Song by Silverchair

from the album Neon Ballroom
- Released: 8 March 1999
- Genre: Alternative rock
- Length: 6:01
- Label: Murmur, Epic
- Songwriter(s): Daniel Johns
- Producer(s): Nick Launay

= Emotion Sickness =

Song by Silverchair

"Emotion Sickness" is a song by the Australian alternative rock band Silverchair. It was released as the first song on their 1999 album Neon Ballroom. At 6 minutes long, it is the band's third-longest song. Australian pianist David Helfgott makes a guest appearance on the song, along with the Sydney Symphony Orchestra. In a 1999 interview with Metal Hammer, Daniel Johns said that "Emotion Sickness" is his favorite Silverchair song.

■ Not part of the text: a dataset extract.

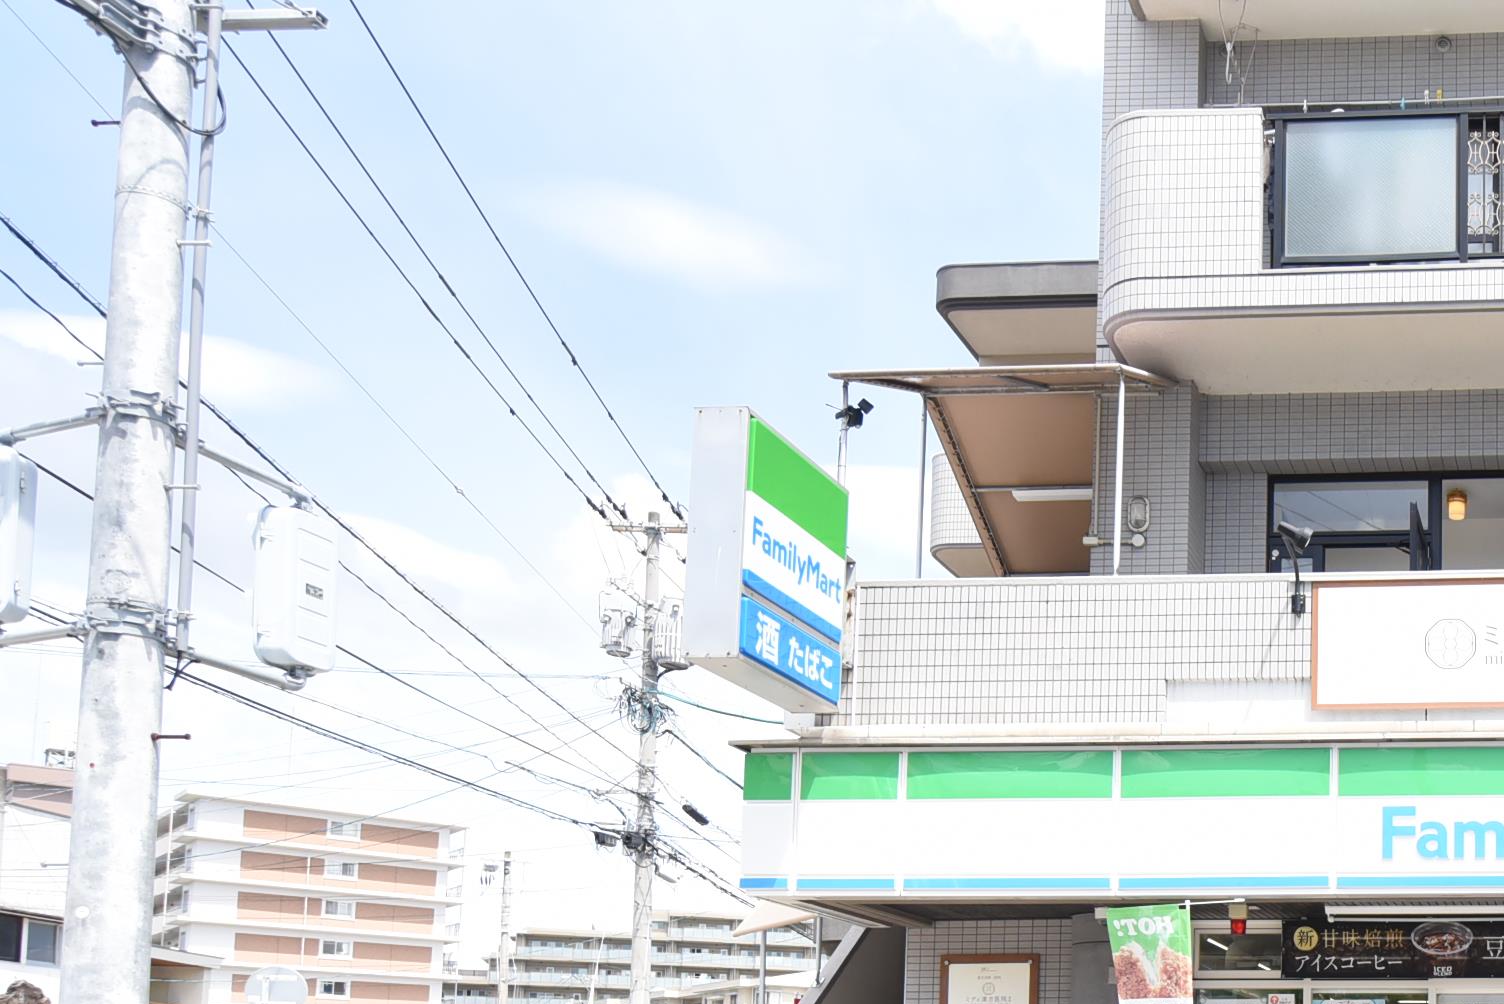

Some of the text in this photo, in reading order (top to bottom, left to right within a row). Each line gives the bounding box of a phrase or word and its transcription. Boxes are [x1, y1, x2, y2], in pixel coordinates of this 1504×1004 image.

Although the song is not typical of Silverchair's work, "Emotion Sickness" is a fan favorite.

==Background==
For "Emotion Sickness", the band's frontman, Daniel Johns, wanted "a really manic and broken piano part to break up the album". The band's management had the idea to call Australian pianist David Helfgott, who also shared the same lawyer with Silverchair, and the band agreed without hesitation. "Daniel wanted a manic piano part. It suited the song. He wanted it so it wasn't typical - didn't want something that was nice and kinda polished. He wanted something that was manic and off-chords. David Helfgott was the perfect man for the job", bassist Chris Joannou said. The Sydney Symphony Orchestra is also featured in the song.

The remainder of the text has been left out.